_Your assignment_
Make a verbatim transcription of the records, without the pictures.

**** Input material ****

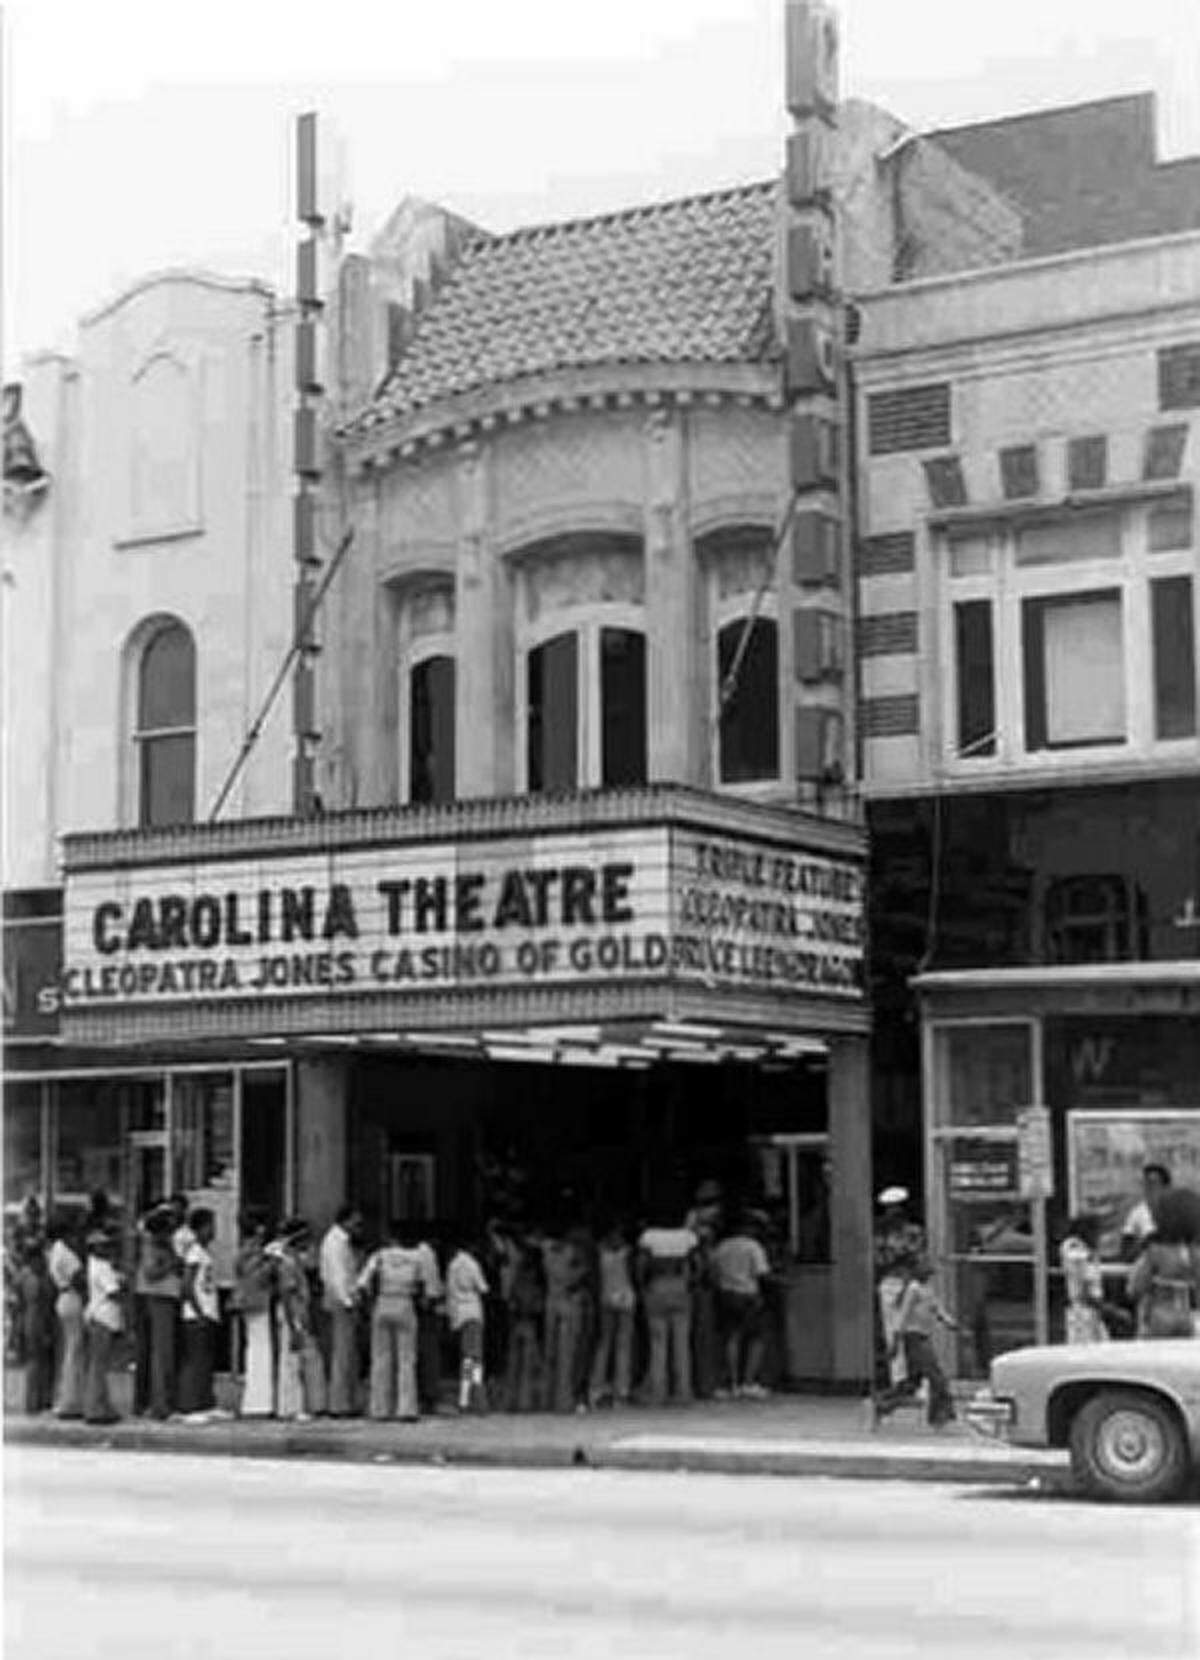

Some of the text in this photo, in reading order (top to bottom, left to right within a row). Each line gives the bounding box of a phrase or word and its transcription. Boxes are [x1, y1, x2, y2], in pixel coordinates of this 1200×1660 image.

[93, 862, 634, 955] CAROLINA THEATRE
[63, 957, 244, 998] CLEOPATRA
[250, 950, 357, 991] JONES
[370, 943, 501, 983] CASINO
[516, 940, 561, 976] OF
[569, 935, 667, 973] GOLD
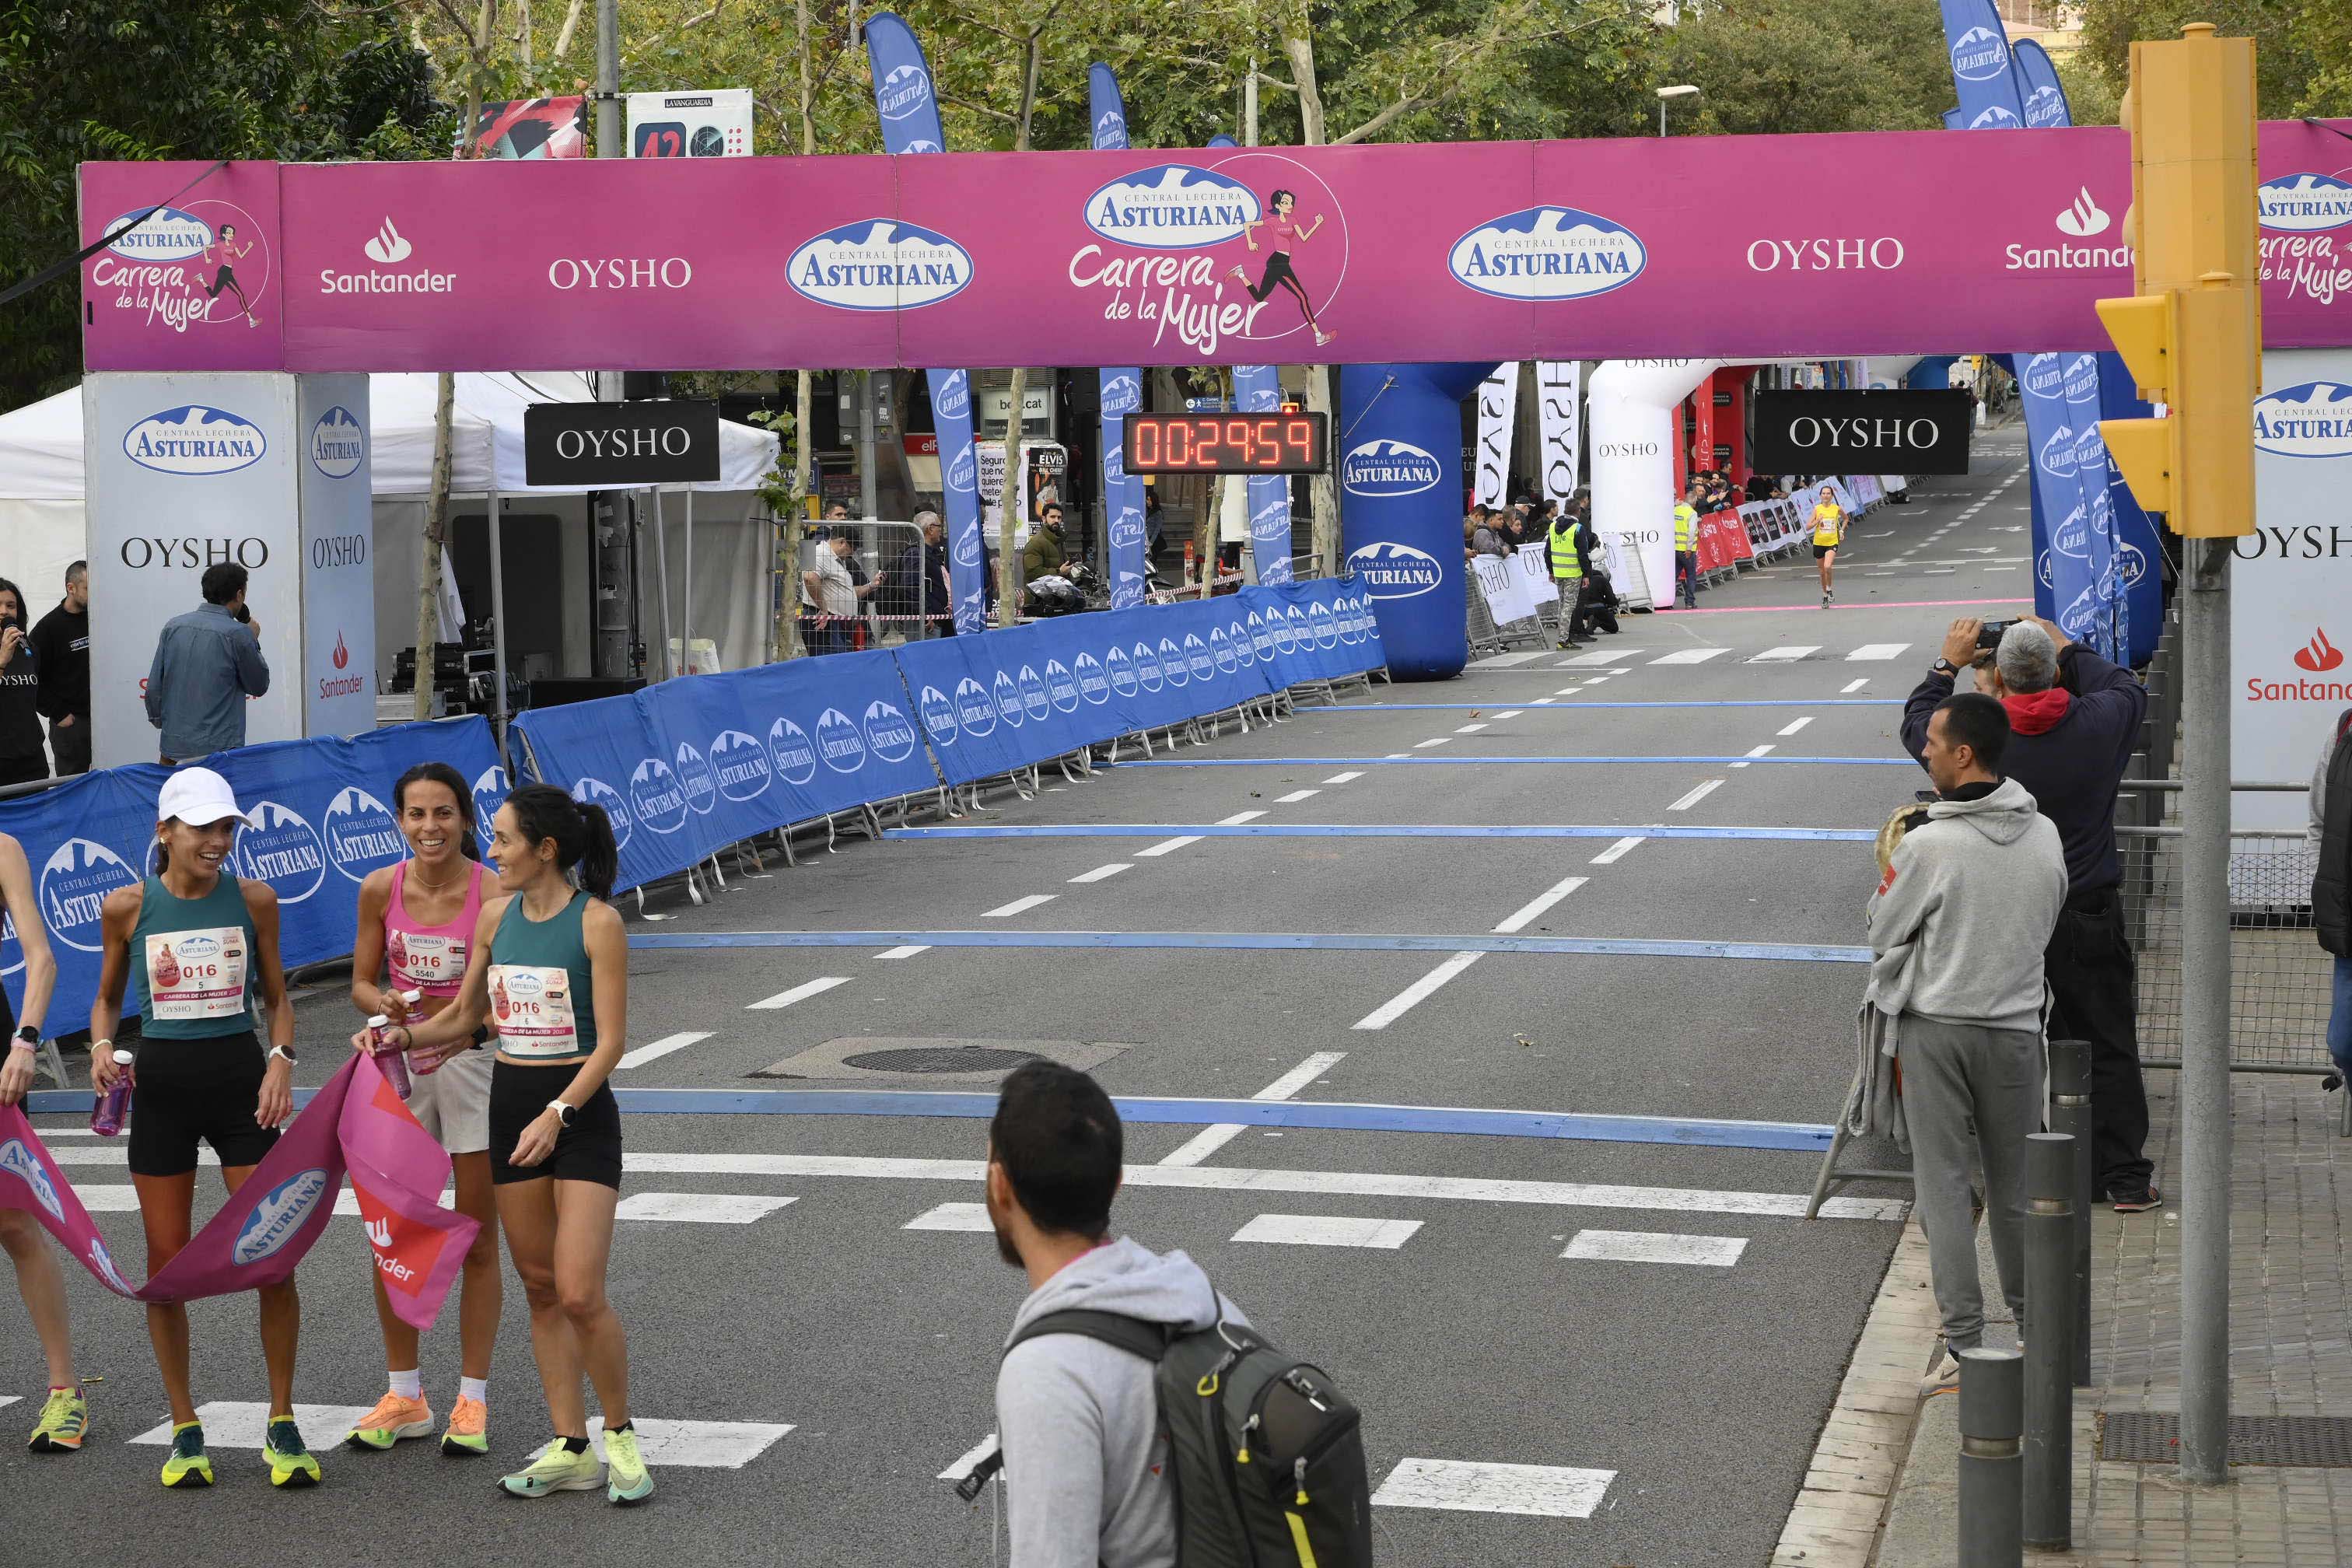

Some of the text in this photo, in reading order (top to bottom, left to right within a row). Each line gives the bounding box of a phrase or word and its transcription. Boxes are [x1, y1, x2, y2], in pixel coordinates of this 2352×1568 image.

[641, 131, 681, 157] 42
[1125, 192, 1242, 203] CENTRAL LECHERA
[1099, 197, 1246, 228] ASTURIANA
[111, 225, 205, 248] ASTURIANA
[1494, 237, 1625, 248] CENTRAL LECHERA
[2258, 236, 2334, 259] arrera
[829, 250, 953, 260] CENTRAL LECHERA
[1069, 244, 1215, 288] Carrera
[1464, 243, 1630, 277] ASTURIANA
[1747, 237, 1904, 271] OYSHO
[93, 259, 184, 287] Carrera
[320, 268, 457, 293] Santander
[548, 257, 691, 289] OYSHO
[800, 253, 959, 287] ASTURIANA
[2277, 259, 2291, 281] la
[116, 283, 221, 332] de la Mujer
[1104, 280, 1269, 355] de la Mujer
[135, 432, 255, 457] ASTURIANA
[556, 427, 691, 457] OYSHO
[1137, 422, 1310, 464] 00:29:59
[1789, 417, 1939, 448] OYSHO
[316, 435, 360, 460] ASTURIANA
[1039, 455, 1063, 464] ELVIS
[1599, 443, 1657, 457] OYSHO
[1346, 463, 1433, 484] ASTURIANA
[121, 537, 268, 568] OYSHO
[313, 534, 365, 569] OYSHO
[320, 676, 363, 699] Santander
[340, 817, 390, 832] CENTRAL LECHERA
[252, 831, 310, 850] CENTRAL LECHERA
[332, 827, 402, 863] ASTURIANA
[244, 844, 321, 880] ASTURIANA
[58, 869, 125, 892] CENTRAL LECHERA
[179, 946, 216, 954] ASTURIANA
[408, 936, 443, 946] ASTURIANA
[183, 964, 217, 978] 016
[410, 954, 441, 968] 016
[415, 970, 435, 978] 5540
[512, 1001, 540, 1013] 016
[241, 1178, 324, 1259] ASTURIANA
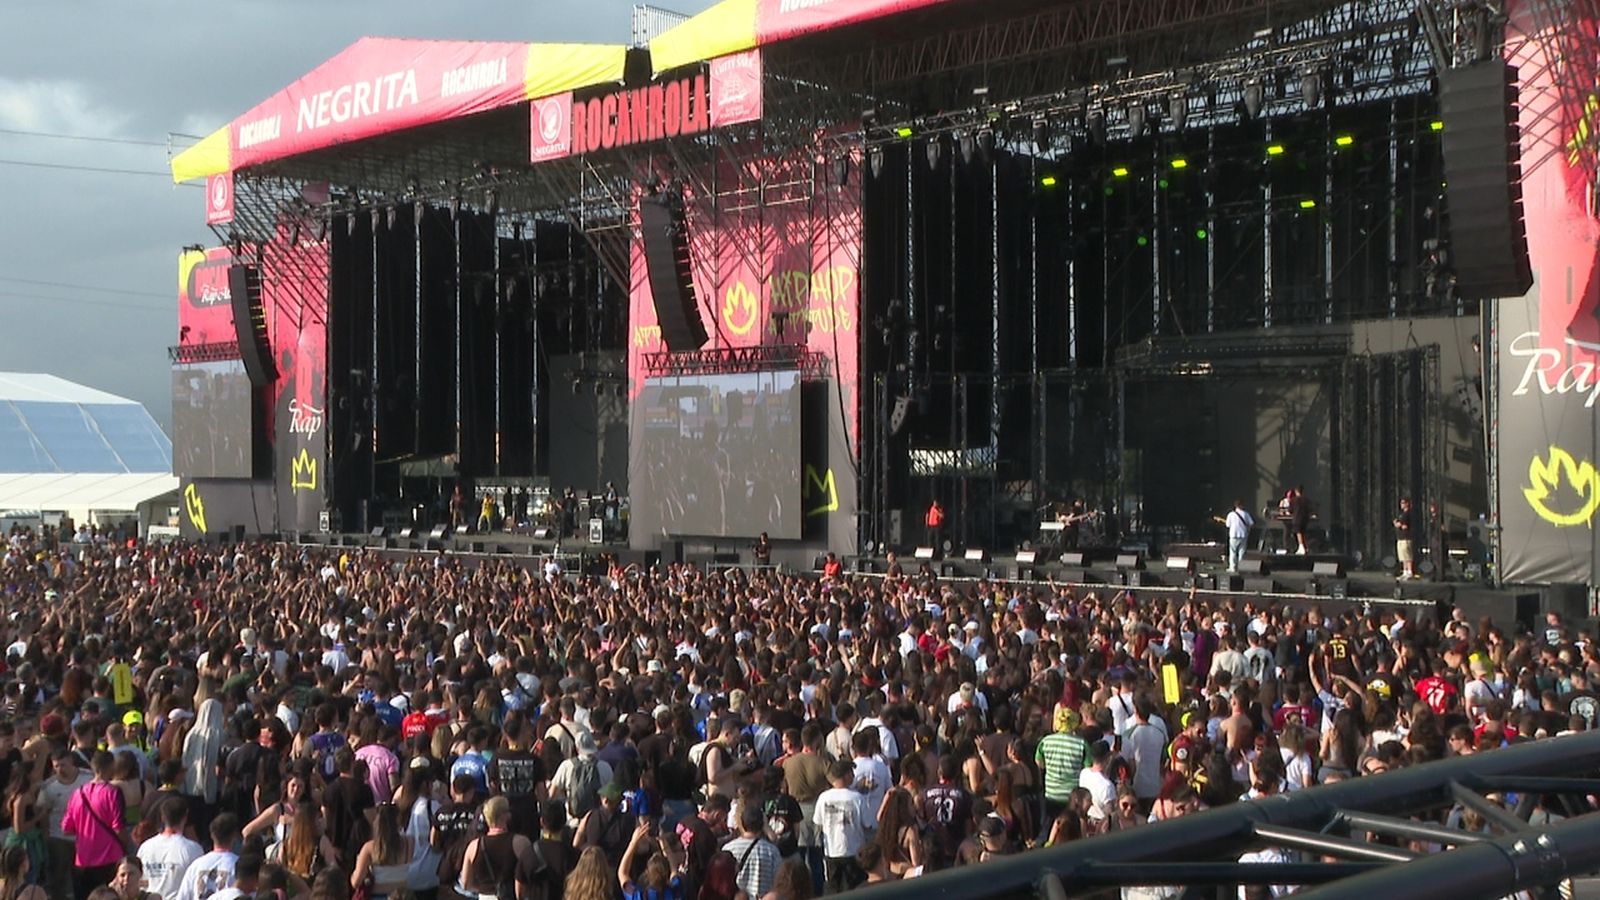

****

_Answer to the problem_
Some of the text in this photo, in reading order (top to bottom, left to right within a row). Each line gives the bounding box of a phrase or word and its transcription. Boxes are [x1, y1, x2, y2], in pixel coordinates of this 1200×1660 image.

[93, 862, 634, 955] CAROLINA THEATRE
[63, 957, 244, 998] CLEOPATRA
[250, 950, 357, 991] JONES
[370, 943, 501, 983] CASINO
[516, 940, 561, 976] OF
[569, 935, 667, 973] GOLD

Some of the text in this photo, in reading order (top to bottom, left to right within a row). Each line gives the bounding box of a phrase or word and its transcription. Boxes are [x1, y1, x2, y2], in pixel coordinates of this 2352×1568 image.

[641, 131, 681, 157] 42
[1125, 192, 1242, 203] CENTRAL LECHERA
[1099, 197, 1246, 228] ASTURIANA
[111, 225, 205, 248] ASTURIANA
[1494, 237, 1625, 248] CENTRAL LECHERA
[2258, 236, 2334, 259] arrera
[829, 250, 953, 260] CENTRAL LECHERA
[1069, 244, 1215, 288] Carrera
[1464, 243, 1630, 277] ASTURIANA
[1747, 237, 1904, 271] OYSHO
[93, 259, 184, 287] Carrera
[320, 268, 457, 293] Santander
[548, 257, 691, 289] OYSHO
[800, 253, 959, 287] ASTURIANA
[2277, 259, 2291, 281] la
[116, 283, 221, 332] de la Mujer
[1104, 280, 1269, 355] de la Mujer
[135, 432, 255, 457] ASTURIANA
[556, 427, 691, 457] OYSHO
[1137, 422, 1310, 464] 00:29:59
[1789, 417, 1939, 448] OYSHO
[316, 435, 360, 460] ASTURIANA
[1039, 455, 1063, 464] ELVIS
[1599, 443, 1657, 457] OYSHO
[1346, 463, 1433, 484] ASTURIANA
[121, 537, 268, 568] OYSHO
[313, 534, 365, 569] OYSHO
[320, 676, 363, 699] Santander
[340, 817, 390, 832] CENTRAL LECHERA
[252, 831, 310, 850] CENTRAL LECHERA
[332, 827, 402, 863] ASTURIANA
[244, 844, 321, 880] ASTURIANA
[58, 869, 125, 892] CENTRAL LECHERA
[179, 946, 216, 954] ASTURIANA
[408, 936, 443, 946] ASTURIANA
[183, 964, 217, 978] 016
[410, 954, 441, 968] 016
[415, 970, 435, 978] 5540
[512, 1001, 540, 1013] 016
[241, 1178, 324, 1259] ASTURIANA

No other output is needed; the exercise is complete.